This afternoon, Congress failed to protect physicians who treat Medicare patients from a scheduled 21% reduction in payments. The so-called Stabenow amendment would have reversed the cuts scheduled under the statutory Sustainable Growth Rate (SGR) and given doctors “$247 billion more than they would otherwise get for their Medicare services over the next 10 years.” The amendment was not paid for and failed 47-53, “13 short of the 60 needed to advance the measure” to a final vote. Thirteen Democrats joined all Republicans to oppose the measure.
Congress created the SGR in 1997 to check rising health care costs.
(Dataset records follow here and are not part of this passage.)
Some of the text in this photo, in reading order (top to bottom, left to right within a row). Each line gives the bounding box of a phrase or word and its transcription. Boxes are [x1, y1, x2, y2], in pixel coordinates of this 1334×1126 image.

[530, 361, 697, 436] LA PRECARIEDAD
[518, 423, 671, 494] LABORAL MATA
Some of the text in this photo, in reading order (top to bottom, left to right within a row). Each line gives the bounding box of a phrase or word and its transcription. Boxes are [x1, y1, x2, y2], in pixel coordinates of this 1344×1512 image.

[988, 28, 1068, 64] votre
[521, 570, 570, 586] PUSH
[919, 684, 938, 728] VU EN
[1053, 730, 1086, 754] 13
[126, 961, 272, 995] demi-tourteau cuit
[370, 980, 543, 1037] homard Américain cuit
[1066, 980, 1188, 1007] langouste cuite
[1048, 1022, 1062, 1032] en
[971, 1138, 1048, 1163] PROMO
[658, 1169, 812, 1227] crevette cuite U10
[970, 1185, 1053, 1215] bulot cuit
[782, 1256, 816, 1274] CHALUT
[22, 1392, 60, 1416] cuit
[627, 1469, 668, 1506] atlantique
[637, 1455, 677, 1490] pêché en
According to the formula, “the amount Medicare pays doctors for an average Medicare patient can’t grow faster than the economy as a whole.” In 2002, medical inflation outpaced economic growth and Congress stepped in to avert the cuts. Between 1999 and 2008, Congress patched the SGR formula six different times.
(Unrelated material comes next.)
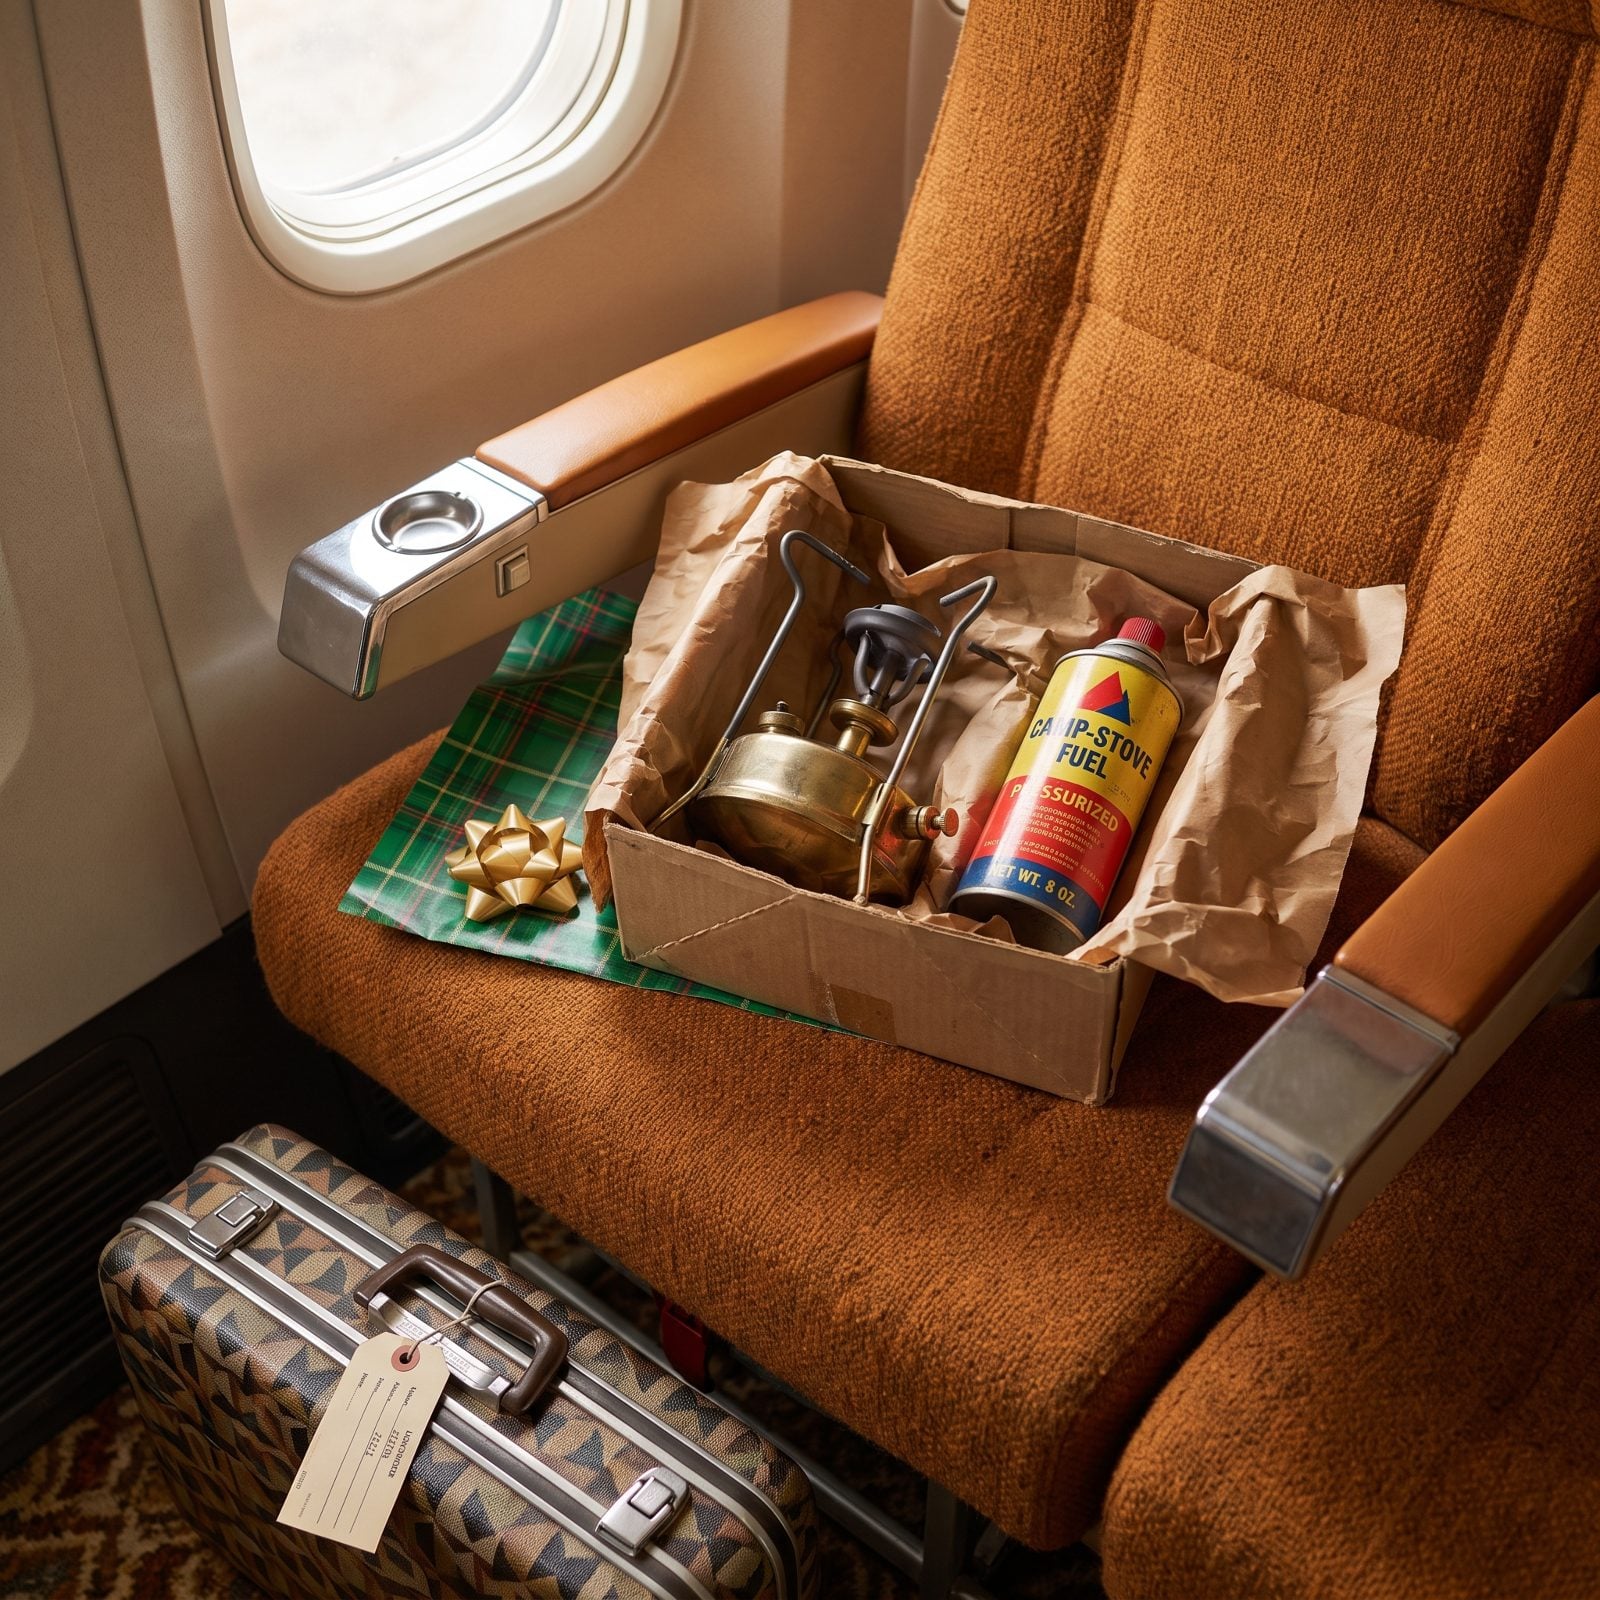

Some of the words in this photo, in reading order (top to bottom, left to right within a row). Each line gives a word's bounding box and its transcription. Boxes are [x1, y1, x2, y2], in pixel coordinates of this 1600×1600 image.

This year, as Democrats attempted to patch the cut by offering a floor amendment outside of the major health care reform bills, Republicans and some conservative Democrats argued that “the $247 billion Medicare bill would violate Mr. Obama’s vow that health care legislation not add ‘one dime’ to the budget deficit. Senate Majority Leader Mitch McConnell (R-KY) accused Obama of breaking his campaign pledge:
And now the Democrats in Congress are proposing that we put another quarter of a trillion dollars on the government charge card in order to prevent a cut in the reimbursements for doctors who treat Medicare patients. All of us want to keep this cut from happening, but the American people do not want us to barrow another cent to pay for it. And they don’t want Democrats to pretend that this quarter of a trillion dollars isn’t part of the cost of health care reform. Because it is. It is also a clear violation of the President’s pledge that health care reform wouldn’t add a single dime to the deficit over the next decade.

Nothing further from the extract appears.